Das wichtigste Produkt für Apple, das iPhone, bereitet dem Unternehmen zurzeit einige Sorgen. Verschiedene Gründe haben dazu geführt, dass die aktuellen Absatzzahlen so gar nicht den Erwartungen entsprechen.

Das Weihnachtsgeschäft lief für Apple gar nicht so wie gedacht. Beunruhigende Anzeichen gibt es zwar schon seit einigen Wochen, Apple-Chef Tim Cook verkündete jetzt aber schockierende Nachrichten für das Unternehmen. Ursprünglich erwartet wurden Umsatzzahlen im Rahmen von 89 bis 93 Milliarden US-Dollar, aktuell können jedoch nur mit 84 Milliarden gerechnet werden. Daraufhin reagierte der Apple-Kurs, indem er rund acht Prozent nachliess.
Für diese Entwicklung lassen sich verschiedene Gründe auflisten. Einerseits sollen die schlechten Absätze in China, welche auf den von Trump angezettelten Handelsstreit zwischen den USA und China zurückzuführen sind, verantwortlich sein. Andererseits gingen die Umsätze in China aber bereits zuvor zurück, weshalb die Erwartungen bereits zuvor heruntergeschraubt wurden. Der wohl grössere Grund könnte aber vom Unternehmen selbst kommen.
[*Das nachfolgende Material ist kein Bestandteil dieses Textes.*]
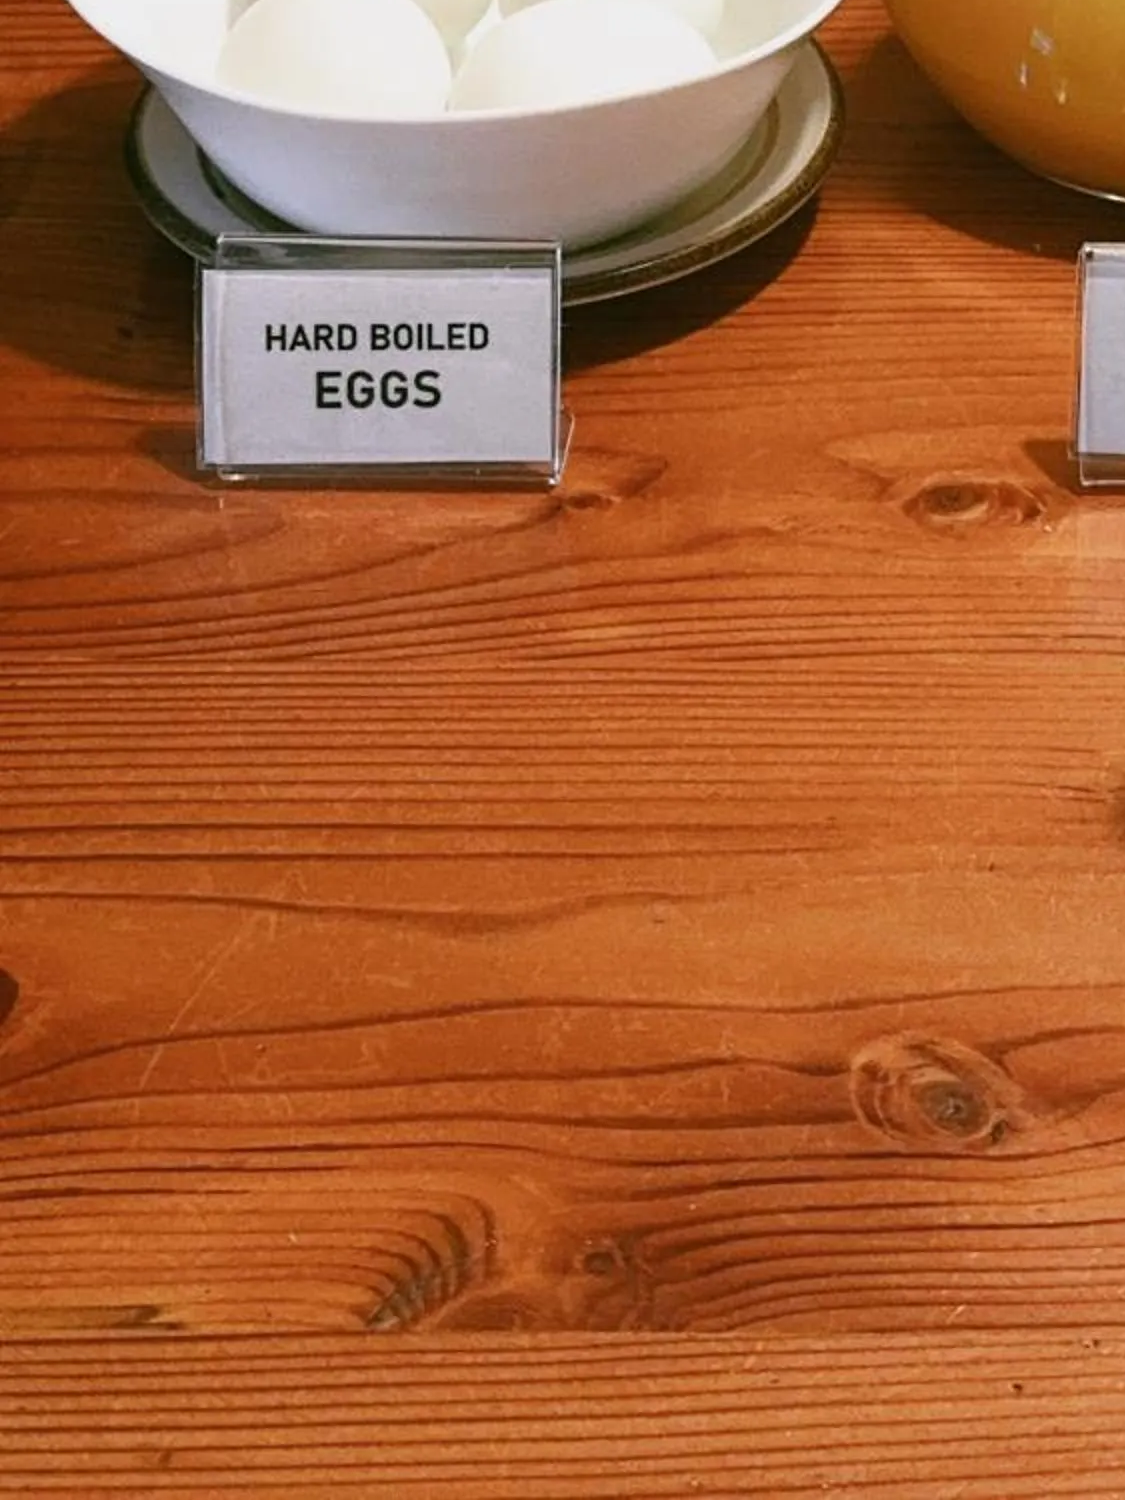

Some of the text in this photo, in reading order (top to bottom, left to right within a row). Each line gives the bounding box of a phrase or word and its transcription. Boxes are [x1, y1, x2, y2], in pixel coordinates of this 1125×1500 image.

[264, 322, 490, 352] HARD BOILED
[315, 369, 442, 409] EGGS
Dieses hatte zuletzt nämlich die Entscheidung getroffen, den Preis für einen Akkutausch zu reduzieren. Dies hatte aber zur Folge, dass viele einfach einen neuen Akku anstatt ein neues Gerät kauften und ihr altes iPhone noch eine längere Zeit behielten. Dieses Problem lässt sich wiederum darauf zurückführen, dass die Leistung des iPhones lange Zeit abgeschwächt wurde, wenn der Akku eine gewisse Leistung unterschritten hatte. Als diese Tatsache ans Licht kam, erklärte Apple, dass die Massnahme aus Sicherheitsgründen erfolgt sei. Allerdings könnte auch darauf geschlossen werden, dass die iPhone-Nutzer durch die verschlechterte Leistung zum Kauf eines neuen Gerätes getrieben werden sollten. Der neue Trend liegt auch darin, dass viele die Smartphones länger verwenden als früher.
Ein weiterer Punkt stellt die sehr grosse Preiserhöhung der Produkte dar, mit welcher wohl die schlechten Zahlen wieder wett­gemacht werden sollten – was aber eher dazu führte, dass die Geräte nicht mehr so häufig gekauft wurden.